Implantable probes for light-sheet illumination at arbitrary brain depths
We have also developed implantable neural probes that generate controllable and addressable light sheets at depth for light-sheet fluorescence microscopy (LSFM) (Fowler, 2019; Sacher et al., 2019b). Figure 9b shows these photonic neural probes deliver sheets of light parallel to the surface of the brain. The light sheets are synthesized from the emission of rows of grating couplers (GCs) that are designed to provide large emission divergences along the sheet width axis and small divergences along the sheet thickness axis. An array of input edge couplers is spatially addressed by the methods described above; they enable independent control of the multiple light sheets. Our first-generation prototypes generate five sheets that can be rapidly switched (Fowler, 2019; Sacher et al., 2019a, Sacher et al., 2020). Working with our photonic foundry collaborator, Advanced Micro Foundry (AMF), we fabricated these probes using a 200 mm wafer-scale process. Using free space beam profiling, average light sheet thicknesses between 10 and 15 μm were measured for sheet propagation distances between 100 and 300 μm.

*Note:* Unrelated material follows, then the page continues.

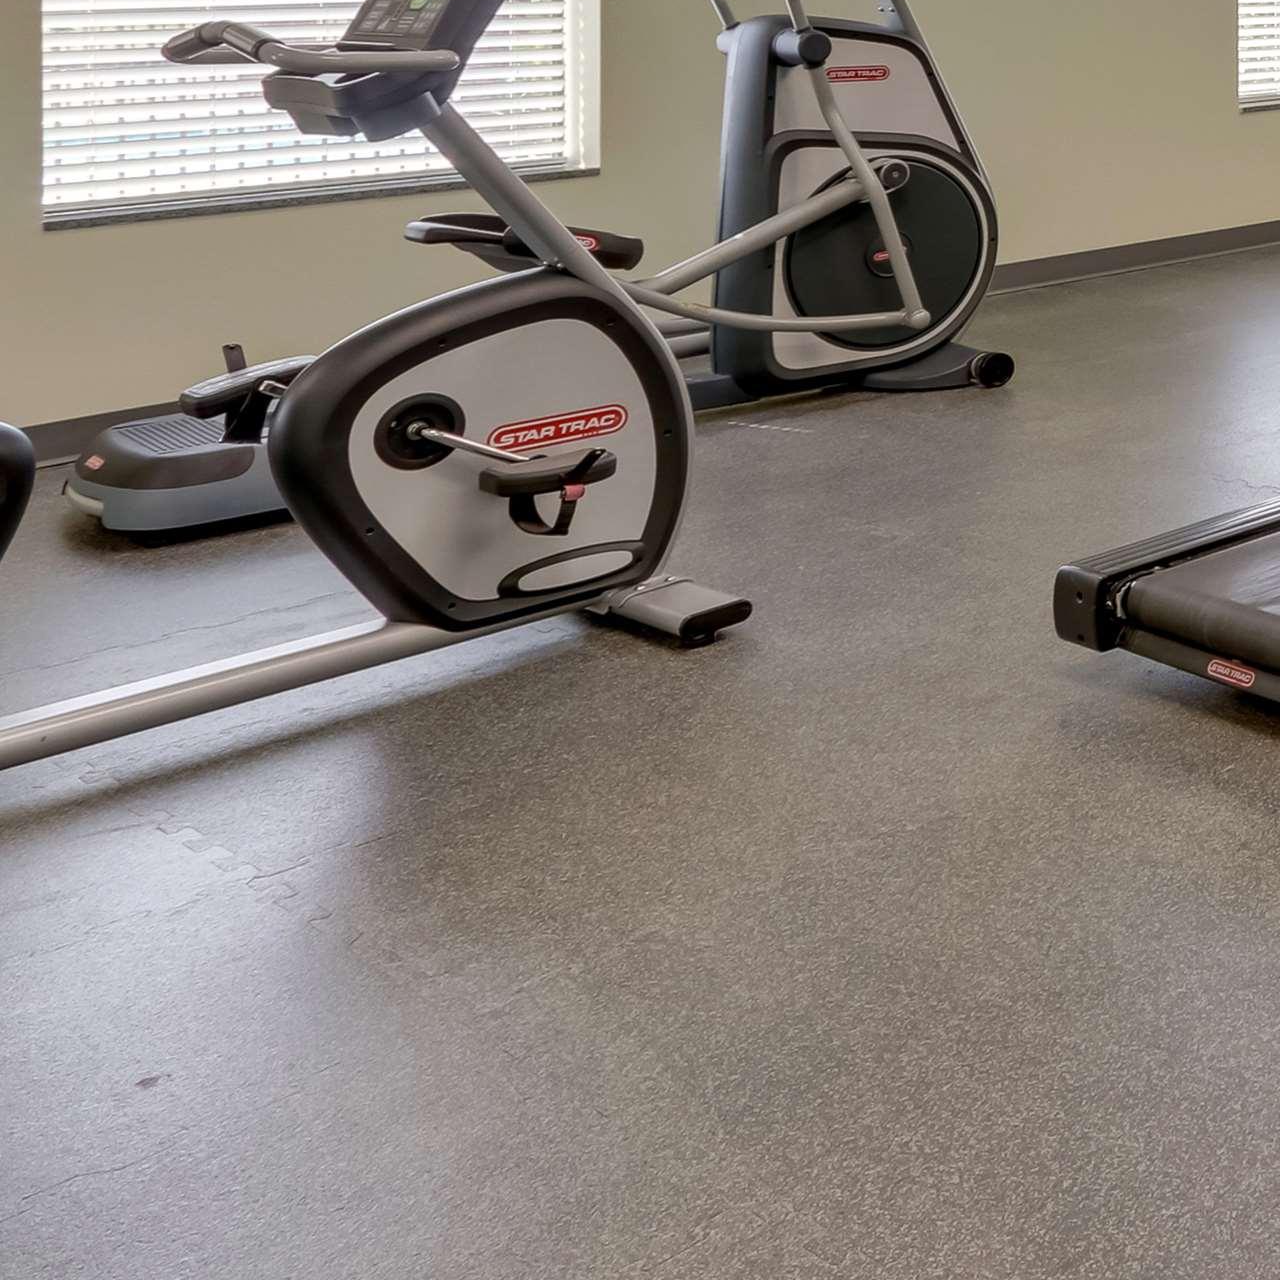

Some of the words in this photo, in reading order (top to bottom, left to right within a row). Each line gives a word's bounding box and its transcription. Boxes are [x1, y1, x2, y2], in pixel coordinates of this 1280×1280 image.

Current limitatons and developments
Critical for scale-up and mass production are robust and reproducible methods for what is termed device packaging. While envisioning the packaging requirements for a planar electronic chip is straightforward, for integrated neurophotonic systems this is more complex. Here, we require a rather significant number of high-quality photonic and electronic connections to the outside world. Accordingly, new and sophisticated packaging methods must be innovated. Our present methodologies (as well as those of most other groups) are still more akin to handcraft than to bona fide engineering technology. While focus upon this area may at first glance seem rather pedestrian, development and investment of in packaging methods for integrated photonics is essential for this technological paradigm to become robust, reproducible, and widely deployable. Ultimately, to achieve mass production, these packaging processes must be automated. It is worth noting that microchip technology for electronics also had to carefully address similar issues to attain mass production, robustness, and reproducibility.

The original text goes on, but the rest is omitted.